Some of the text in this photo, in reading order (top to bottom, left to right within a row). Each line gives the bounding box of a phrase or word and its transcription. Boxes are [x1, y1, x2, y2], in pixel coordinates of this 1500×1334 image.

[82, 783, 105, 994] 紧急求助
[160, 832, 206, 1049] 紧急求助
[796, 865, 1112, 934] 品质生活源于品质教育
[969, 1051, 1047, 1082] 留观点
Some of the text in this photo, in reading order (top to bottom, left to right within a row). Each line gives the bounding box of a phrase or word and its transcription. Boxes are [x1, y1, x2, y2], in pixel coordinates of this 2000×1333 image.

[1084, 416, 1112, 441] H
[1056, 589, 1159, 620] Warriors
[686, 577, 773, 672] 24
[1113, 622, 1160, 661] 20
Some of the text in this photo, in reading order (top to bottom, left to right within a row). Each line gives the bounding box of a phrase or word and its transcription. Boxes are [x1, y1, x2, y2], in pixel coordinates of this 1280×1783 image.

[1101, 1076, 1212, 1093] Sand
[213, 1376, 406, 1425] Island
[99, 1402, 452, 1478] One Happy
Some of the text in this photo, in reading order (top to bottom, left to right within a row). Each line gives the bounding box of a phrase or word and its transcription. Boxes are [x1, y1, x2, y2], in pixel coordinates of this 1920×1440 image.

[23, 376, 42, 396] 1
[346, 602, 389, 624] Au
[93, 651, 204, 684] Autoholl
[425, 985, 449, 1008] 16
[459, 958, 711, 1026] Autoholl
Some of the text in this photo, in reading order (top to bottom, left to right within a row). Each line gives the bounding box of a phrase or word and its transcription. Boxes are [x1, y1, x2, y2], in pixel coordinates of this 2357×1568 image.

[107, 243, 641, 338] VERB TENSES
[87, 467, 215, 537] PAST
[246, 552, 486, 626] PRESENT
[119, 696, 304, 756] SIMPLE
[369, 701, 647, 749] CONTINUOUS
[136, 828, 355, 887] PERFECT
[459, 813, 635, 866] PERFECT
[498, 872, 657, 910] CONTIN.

» **TASK OBJECTIVE**:
Retype each record in full, please.

» **ANSWER FOR THE TASK**:
Some of the text in this photo, in reading order (top to bottom, left to right within a row). Each line gives the bounding box of a phrase or word and its transcription. Boxes are [x1, y1, x2, y2], in pixel coordinates of this 1500×1334 image.

[82, 783, 105, 994] 紧急求助
[160, 832, 206, 1049] 紧急求助
[796, 865, 1112, 934] 品质生活源于品质教育
[969, 1051, 1047, 1082] 留观点
Some of the text in this photo, in reading order (top to bottom, left to right within a row). Each line gives the bounding box of a phrase or word and its transcription. Boxes are [x1, y1, x2, y2], in pixel coordinates of this 2000×1333 image.

[1084, 416, 1112, 441] H
[1056, 589, 1159, 620] Warriors
[686, 577, 773, 672] 24
[1113, 622, 1160, 661] 20
Some of the text in this photo, in reading order (top to bottom, left to right within a row). Each line gives the bounding box of a phrase or word and its transcription. Boxes are [x1, y1, x2, y2], in pixel coordinates of this 1280×1783 image.

[1101, 1076, 1212, 1093] Sand
[213, 1376, 406, 1425] Island
[99, 1402, 452, 1478] One Happy
Some of the text in this photo, in reading order (top to bottom, left to right within a row). Each line gives the bounding box of a phrase or word and its transcription. Boxes are [x1, y1, x2, y2], in pixel coordinates of this 1920×1440 image.

[23, 376, 42, 396] 1
[346, 602, 389, 624] Au
[93, 651, 204, 684] Autoholl
[425, 985, 449, 1008] 16
[459, 958, 711, 1026] Autoholl
Some of the text in this photo, in reading order (top to bottom, left to right within a row). Each line gives the bounding box of a phrase or word and its transcription. Boxes are [x1, y1, x2, y2], in pixel coordinates of this 2357×1568 image.

[107, 243, 641, 338] VERB TENSES
[87, 467, 215, 537] PAST
[246, 552, 486, 626] PRESENT
[119, 696, 304, 756] SIMPLE
[369, 701, 647, 749] CONTINUOUS
[136, 828, 355, 887] PERFECT
[459, 813, 635, 866] PERFECT
[498, 872, 657, 910] CONTIN.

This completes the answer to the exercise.